• [BRIEF]: Copy all the data exactly, except the pictures.

• [THE RECORDS]:
= = = =
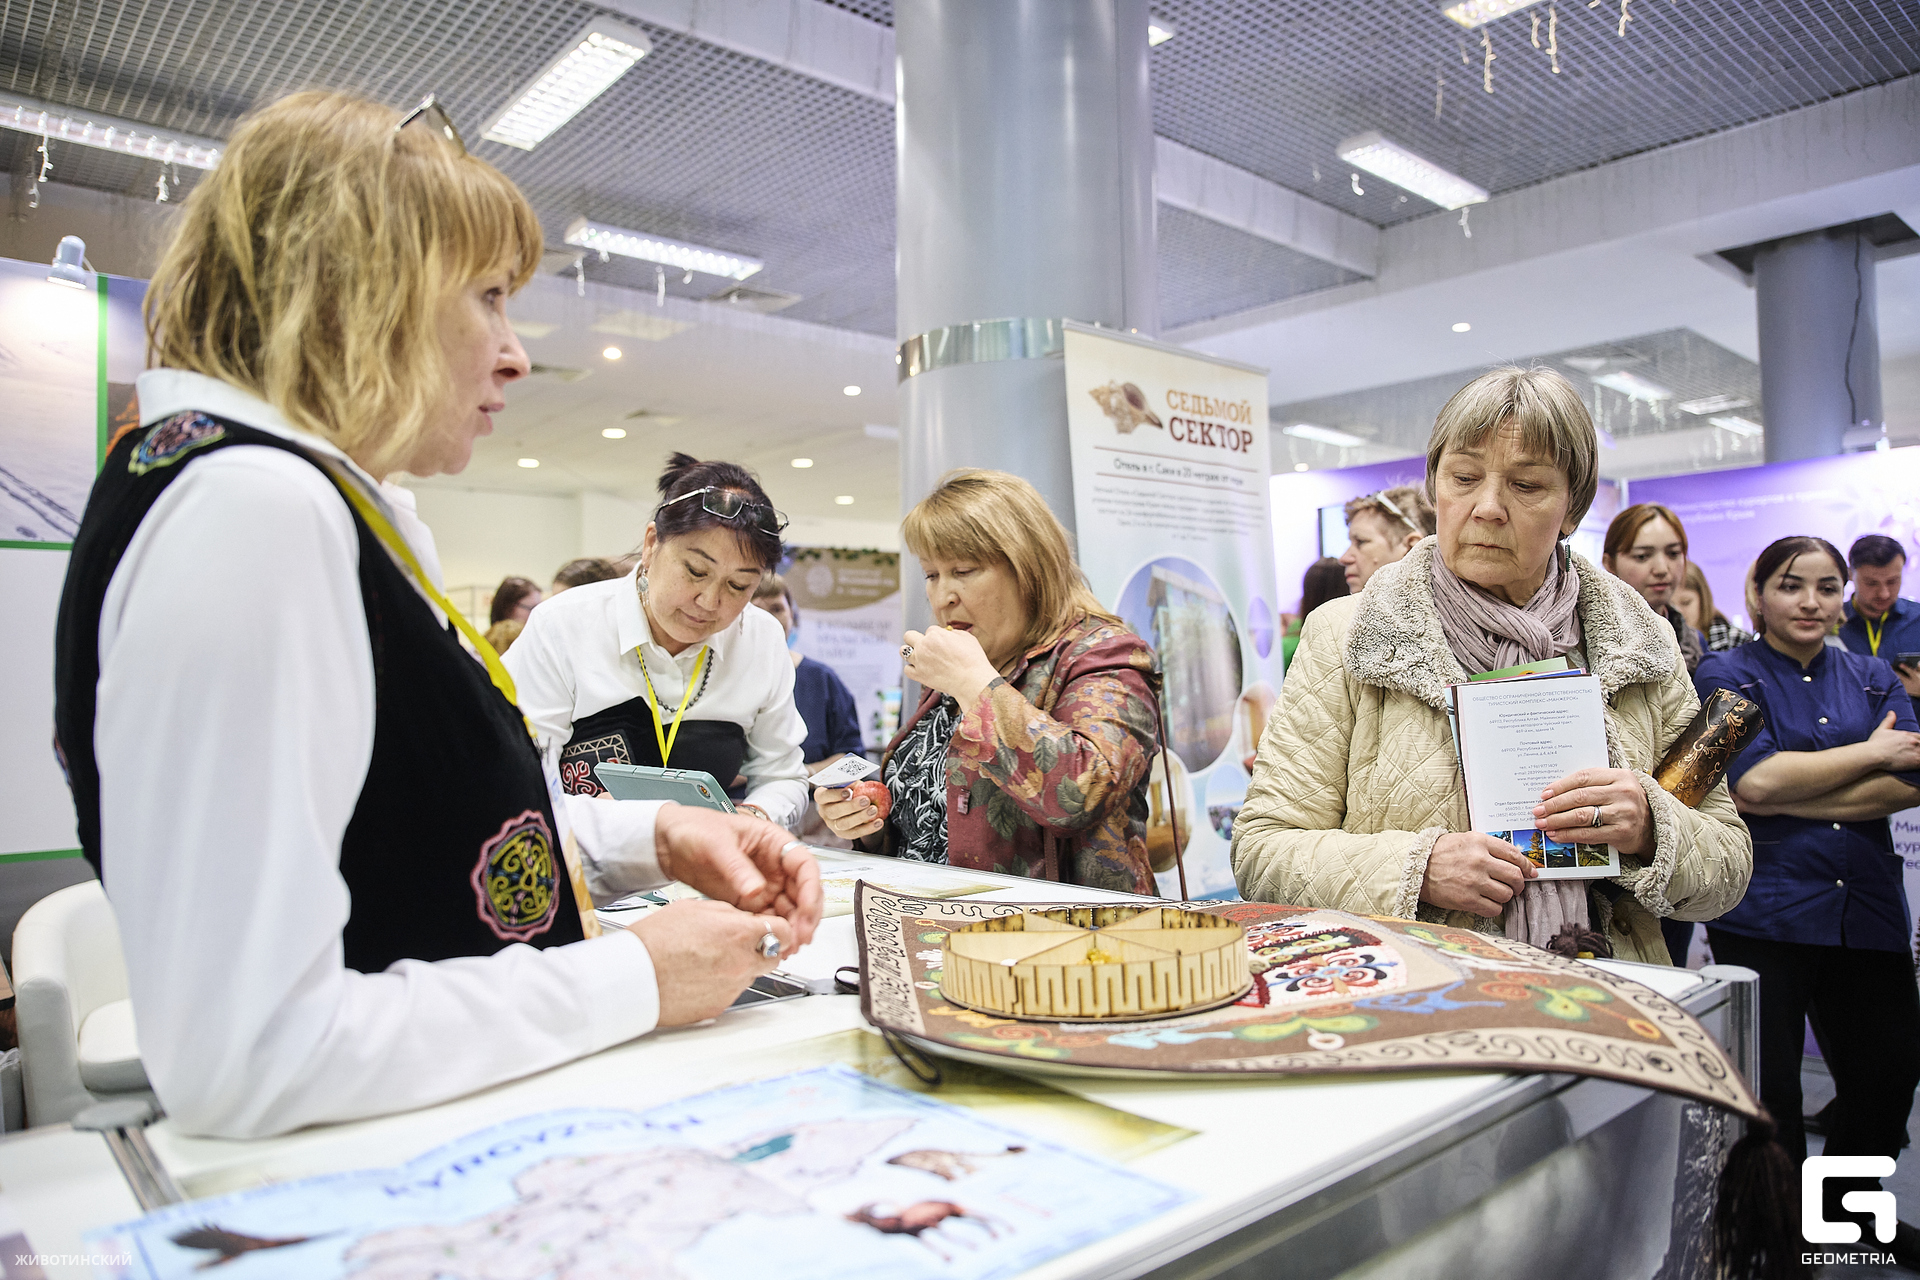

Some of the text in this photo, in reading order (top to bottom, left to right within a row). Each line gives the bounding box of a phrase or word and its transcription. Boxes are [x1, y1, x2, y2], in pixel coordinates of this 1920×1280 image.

[1166, 389, 1252, 425] СЕДЬМОЙ
[1169, 416, 1253, 454] СЕКТОР
[1503, 692, 1541, 700] ОГРАНИЧЕННОЙ
[1542, 689, 1592, 697] ОТВЕТСТВЕННОСТЬЮ
[1895, 820, 1920, 834] Ми
= = = =
• [WRITTEN SOLUTION]:
Some of the text in this photo, in reading order (top to bottom, left to right within a row). Each line gives the bounding box of a phrase or word and its transcription. Boxes are [x1, y1, x2, y2], in pixel coordinates of this 1920×1280 image.

[1166, 389, 1252, 425] СЕДЬМОЙ
[1169, 416, 1253, 454] СЕКТОР
[1503, 692, 1541, 700] ОГРАНИЧЕННОЙ
[1542, 689, 1592, 697] ОТВЕТСТВЕННОСТЬЮ
[1895, 820, 1920, 834] Ми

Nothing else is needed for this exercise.